In order to achieve that level of accuracy, especially when talking about family history, I decided to make exact replicas of some family documents such as my mother’s birth announcement that was on the 1964 newspaper, hospital bill when my mother was born, and even a full-scale replica of an old prophecy paper made by a Chinese predictor that contains a, well, prophecy, about my mother’s big events in her life including her death date (fortunately we can’t read them since it was written in Chinese characters, and we are not intended to, thank you very much). It was very hard to find existing paper artefacts of my family since they were once moved from one house to another including experienced a flood that sadly took many precious documents.
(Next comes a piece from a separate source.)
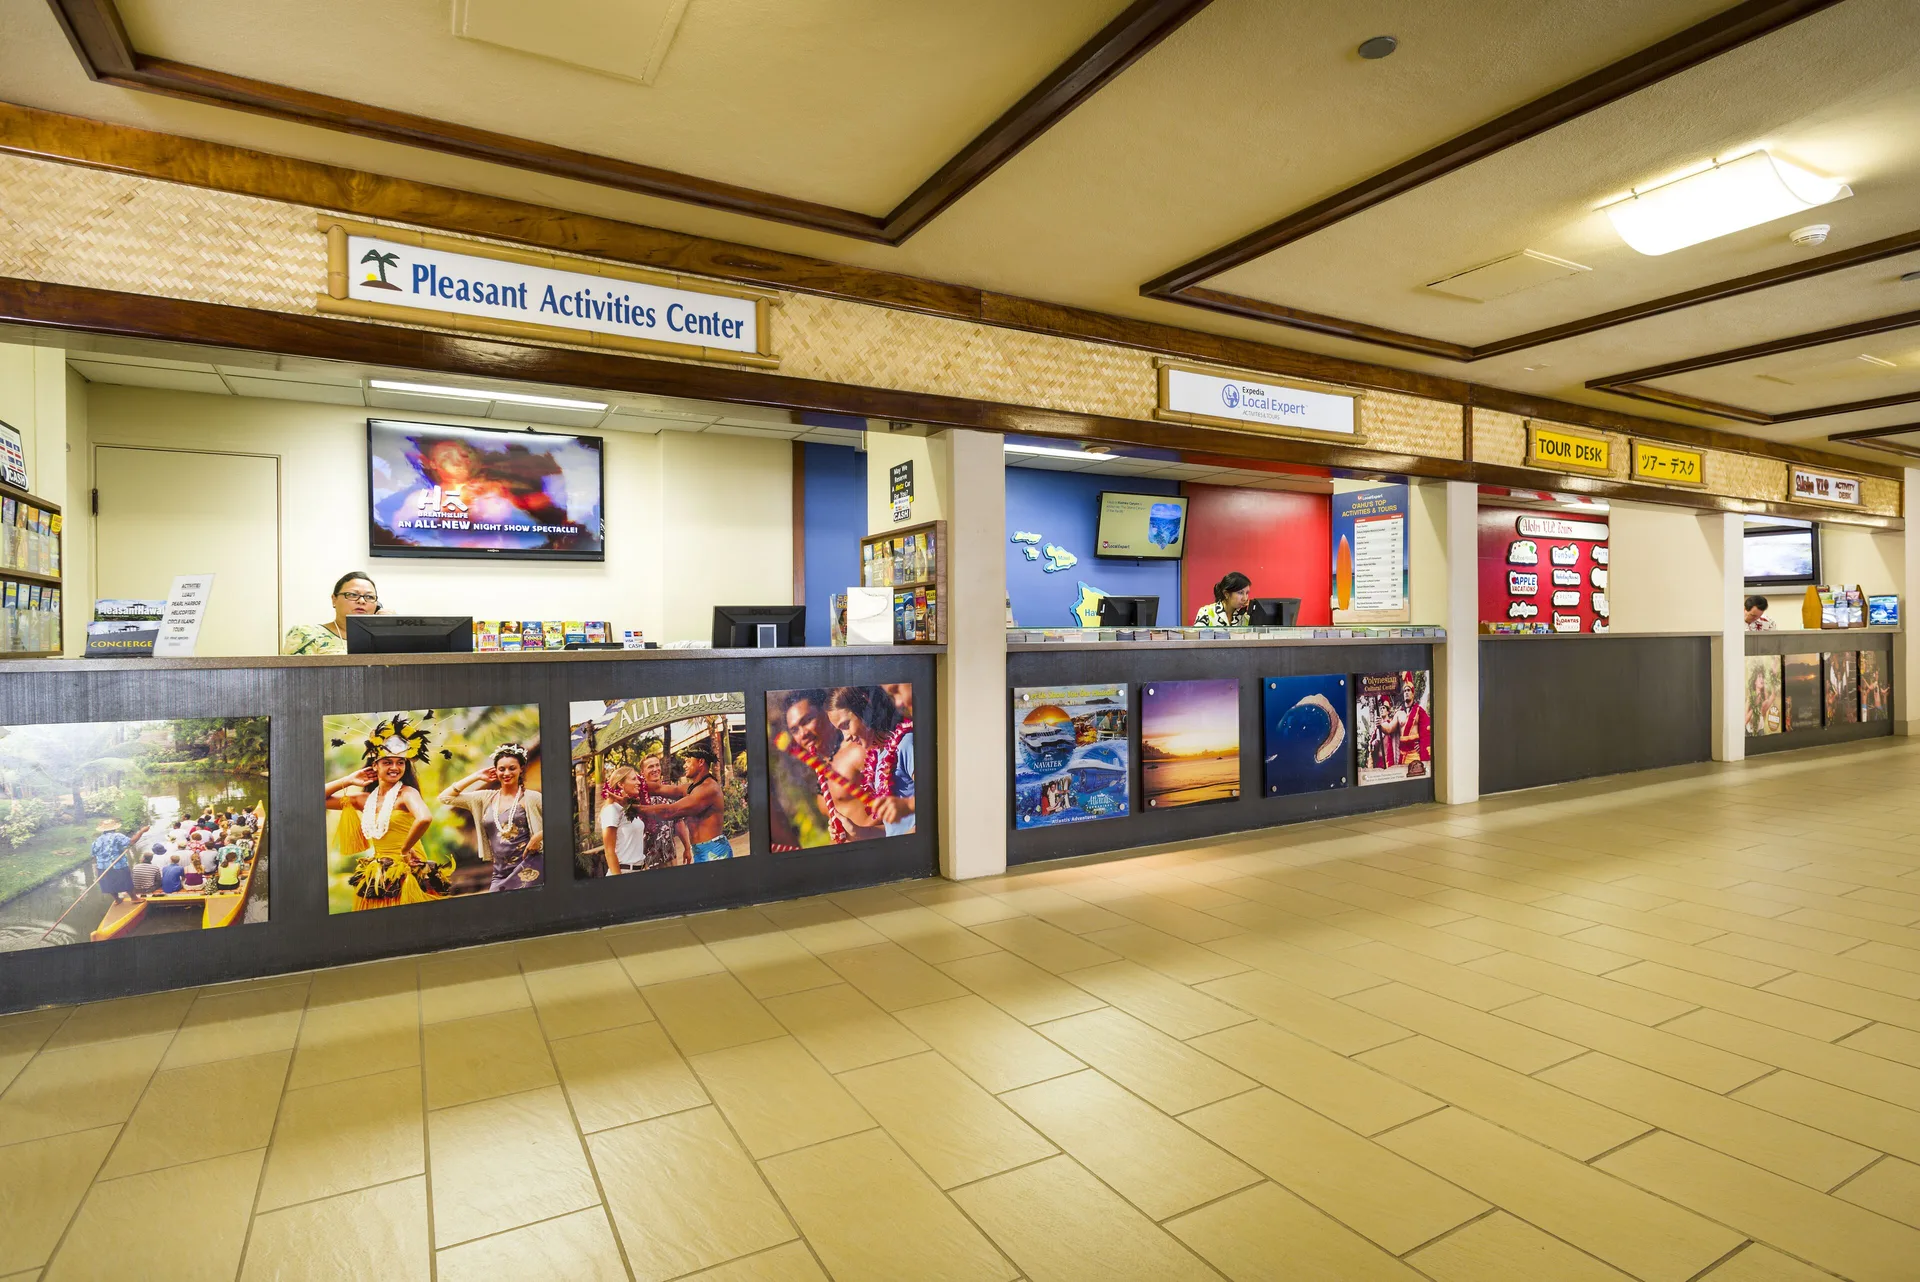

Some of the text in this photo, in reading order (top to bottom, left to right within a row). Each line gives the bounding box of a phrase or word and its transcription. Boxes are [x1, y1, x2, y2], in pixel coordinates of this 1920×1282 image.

I decided to apply such treatment for other topics. I made some “zines” with different bindings and sizes to cover the area of religion, gender, and ethnicity. Then I made several artefacts that is related to the topics, such as a piece of fake newspaper to highlight the gender equality problem, and put it in the zines in order to make it look like a real documents, just like my family paper artefact replicas.
All the zines, documents, paper artefacts, map, and photos were then compiled into one “scrap book”.